**ACTIVITY**
Output each record below exactly as it stands, leaving out the pictures.

**DATASET RECORDS**
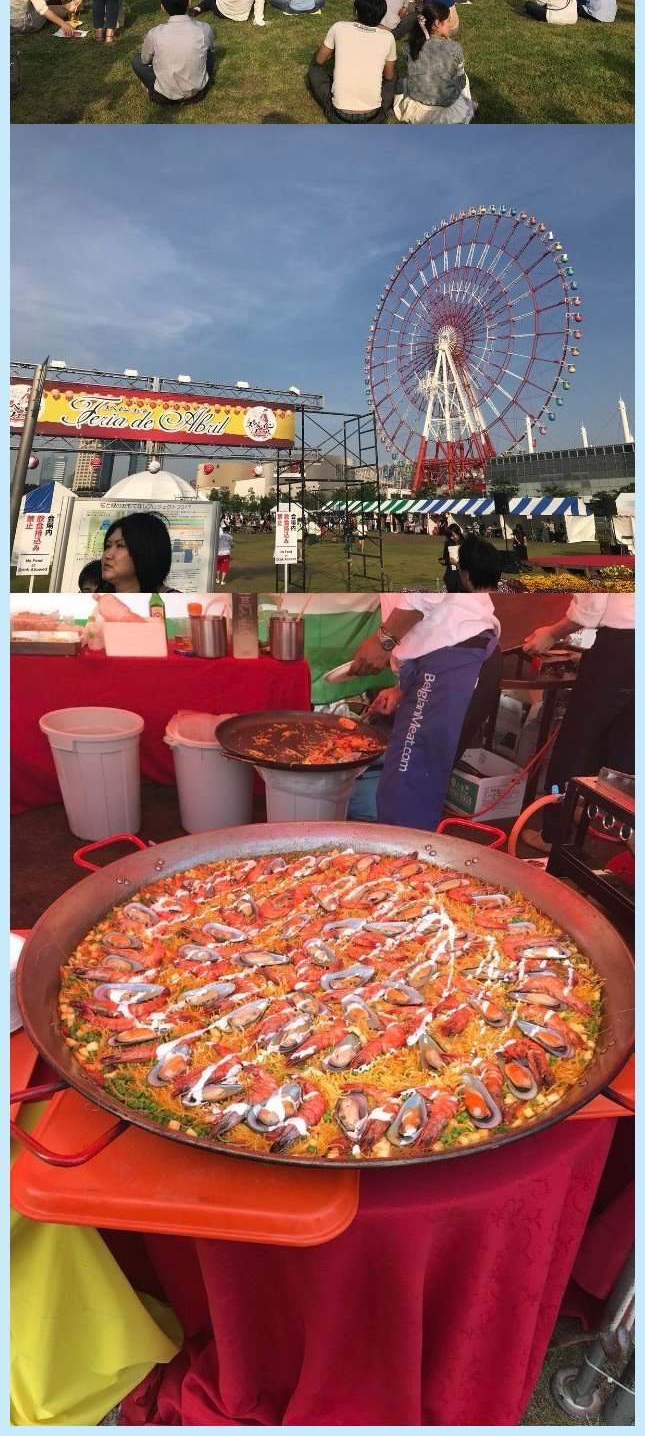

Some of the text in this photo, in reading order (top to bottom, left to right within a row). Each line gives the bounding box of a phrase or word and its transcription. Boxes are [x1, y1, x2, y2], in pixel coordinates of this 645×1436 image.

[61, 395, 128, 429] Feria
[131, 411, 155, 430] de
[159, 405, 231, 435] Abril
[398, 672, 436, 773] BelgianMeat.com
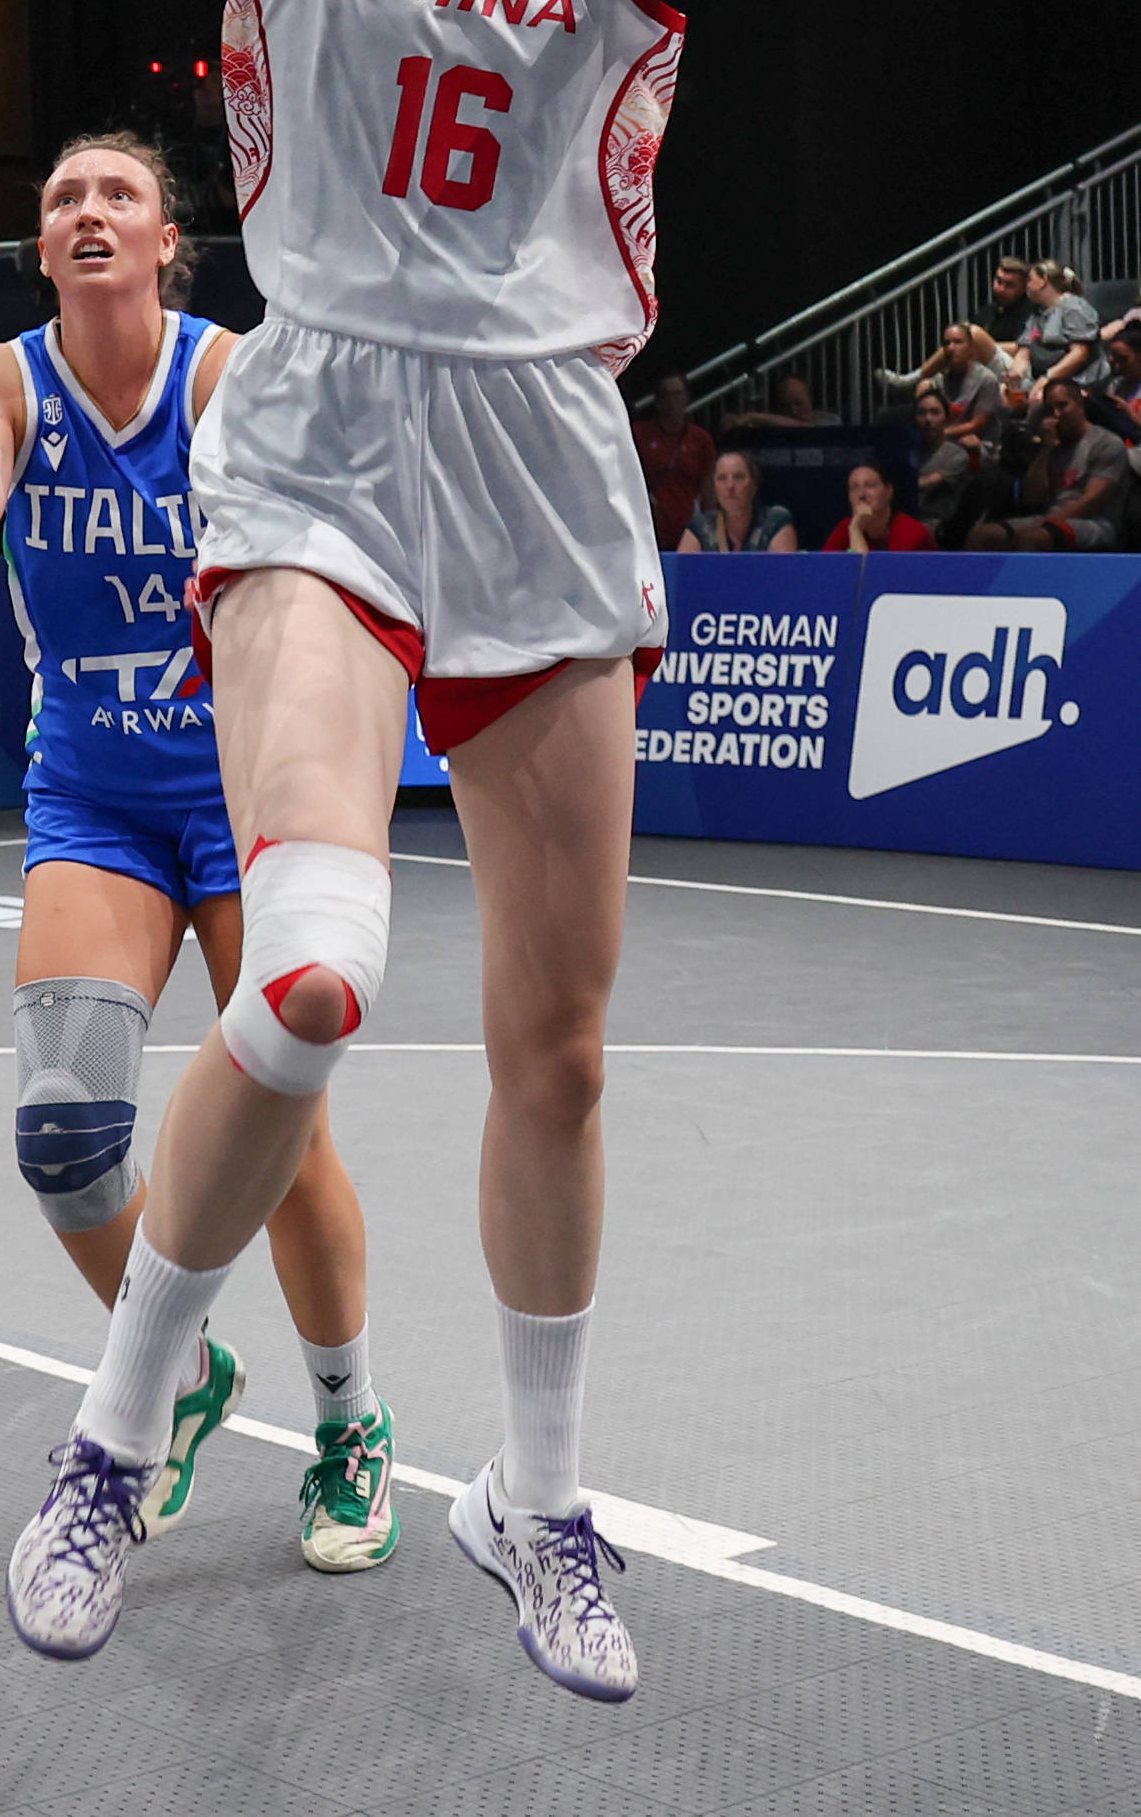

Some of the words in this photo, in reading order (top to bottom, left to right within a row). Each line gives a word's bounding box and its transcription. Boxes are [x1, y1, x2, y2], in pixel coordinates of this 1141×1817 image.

**SOLUTION TO THE EXERCISE**
Some of the text in this photo, in reading order (top to bottom, left to right within a row). Each line gives the bounding box of a phrase or word and its transcription. Boxes are [x1, y1, x2, y2], in pixel coordinates of this 645×1436 image.

[61, 395, 128, 429] Feria
[131, 411, 155, 430] de
[159, 405, 231, 435] Abril
[398, 672, 436, 773] BelgianMeat.com

Some of the words in this photo, in reading order (top to bottom, left to right within a row). Each line gives a word's bounding box and its transcription. Boxes are [x1, y1, x2, y2], in pixel coordinates of this 1141×1817 image.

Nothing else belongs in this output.